The folks who knew CPR pushed aside the onlookers and soon the man who had fallen to the ground was surrounded by people wishing (and willing) to help. A homeless man held up a shirt like an umbrella to shield the fallen man from the sun beating down on him. Another man cradled the man’s head while a woman took charge and tried to evaluate the situation.
I stayed in the café—peering outside and believing enough was being done by others, but feeling as emotionally connected as those outside. The fallen man could have been any of us, at any moment, who needs the immediate help of strangers around us.
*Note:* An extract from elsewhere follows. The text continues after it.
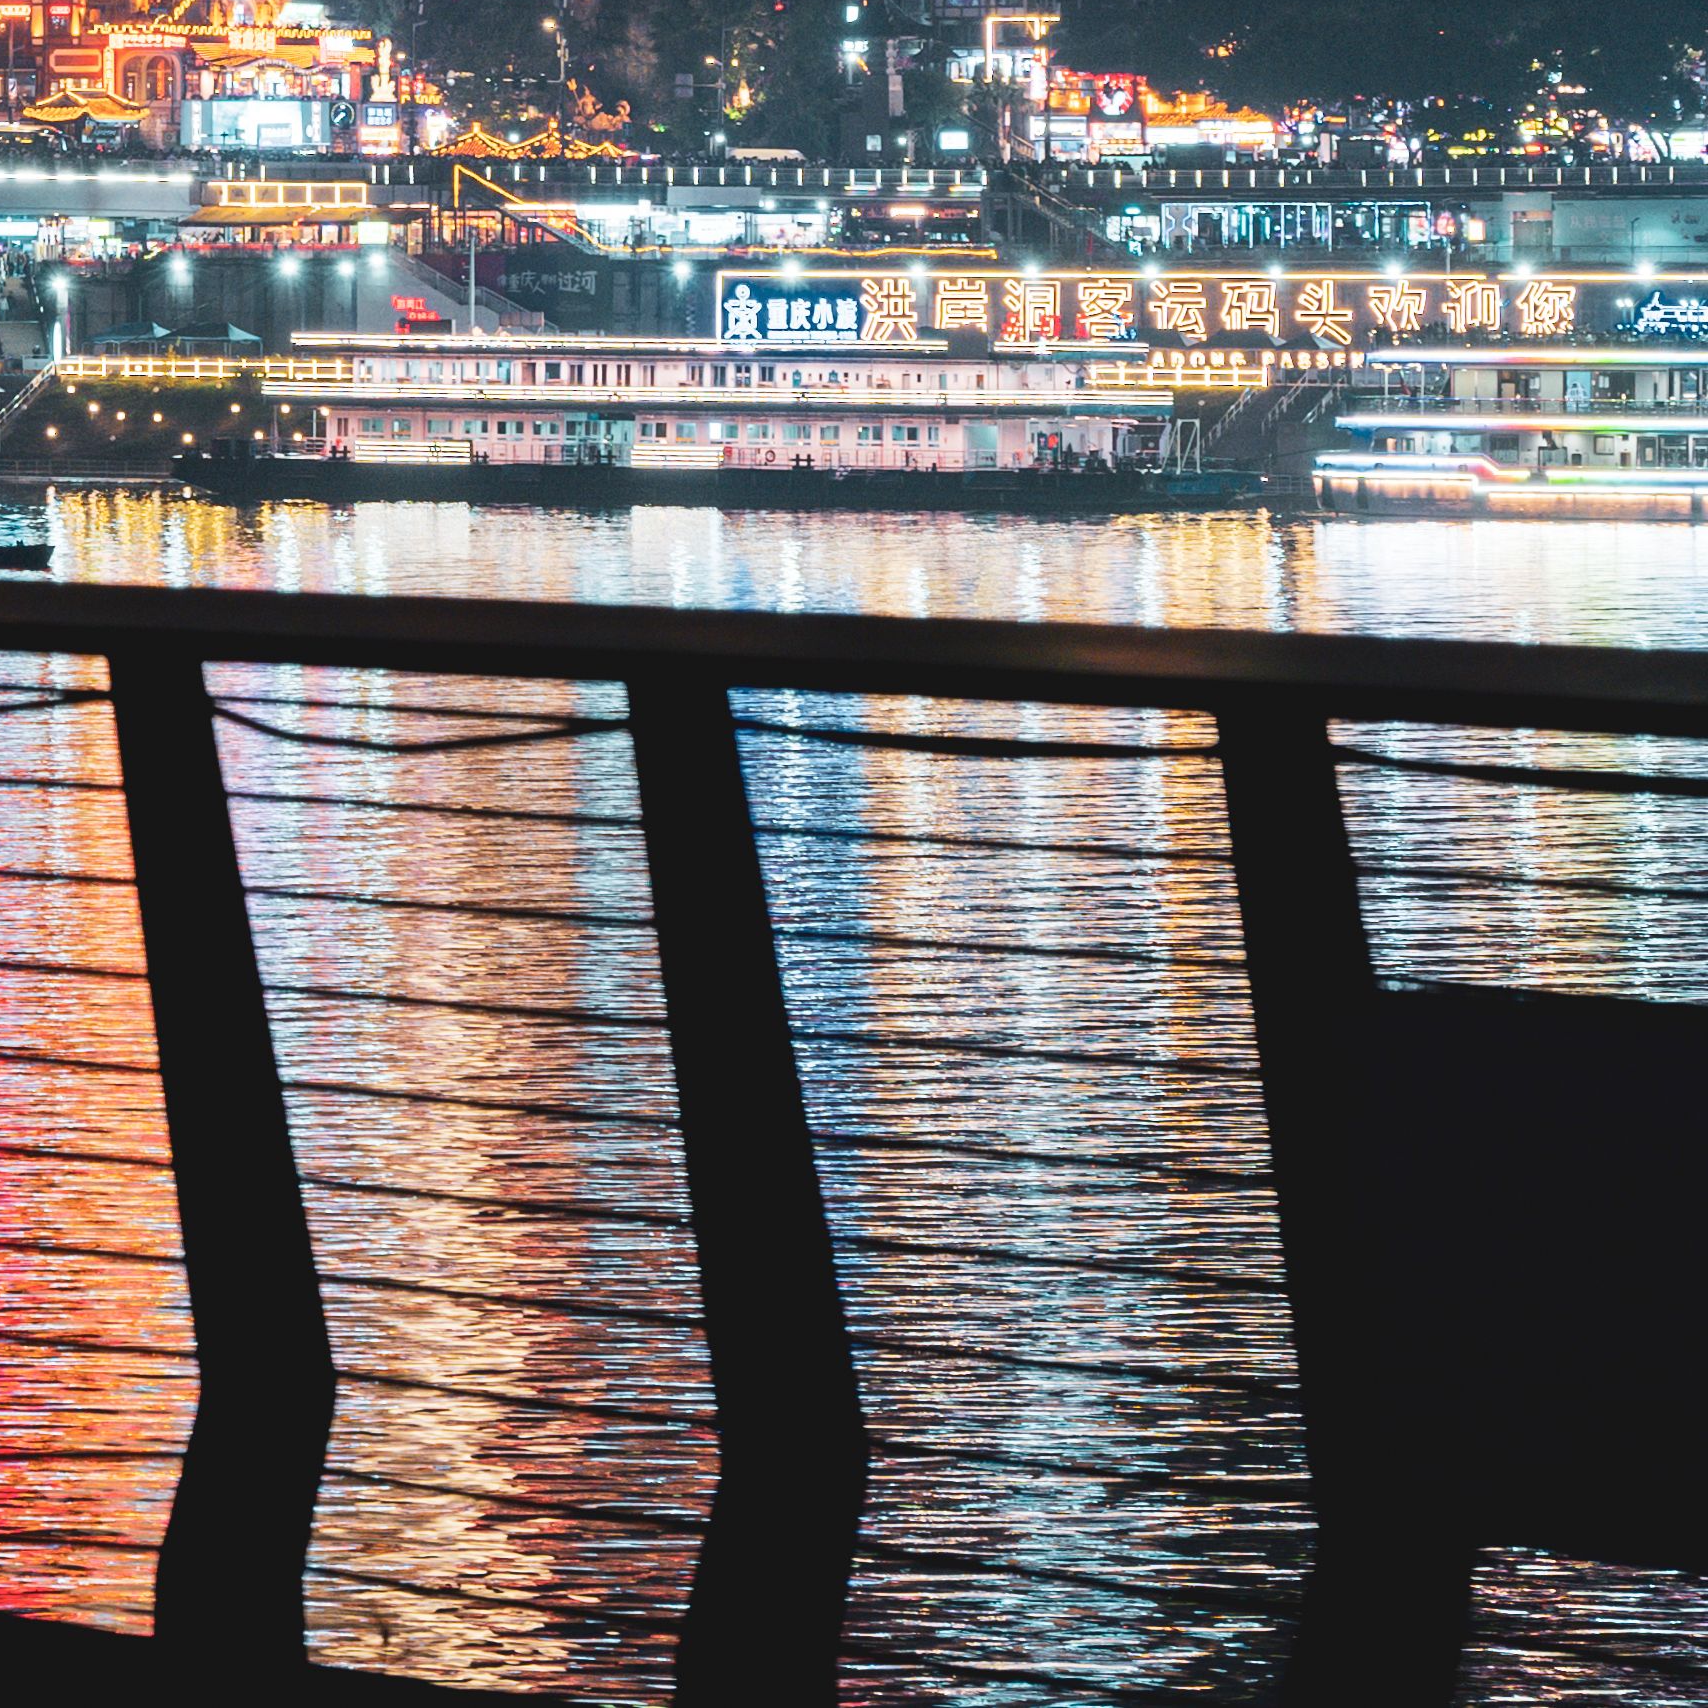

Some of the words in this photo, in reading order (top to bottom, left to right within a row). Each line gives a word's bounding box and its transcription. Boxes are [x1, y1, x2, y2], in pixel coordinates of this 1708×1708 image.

[767, 298, 858, 330] 重庆小渡
[859, 278, 1577, 344] 洪崖洞客运码头欢迎您
Even sitting in the café, my heart raced, and empathy filled my body to tears, hoping the man was OK.
Emergency services came, and in a matter of minutes, the man was getting up on his own accord, and laying down on the ambulance gurney. It struck me how young he was—late twenties probably, and looking otherwise healthy—other than the fact that he had just collapsed. It seems that he had some type of episode and fallen out of the chair where he was sitting. Someone in the crowd handed him his SF Giants baseball cap, which he clutched as the paramedics wheeled him into the truck on his way to the hospital.
All-in-all I was struck by the immediate and selfless compassion by so many, for a man no one at the café knew—but were now attached to in a deep and intimate way. None of us will ever know who the fallen man was, but we all hope that he is doing well—but for the grace of some carrying, empathetic strangers.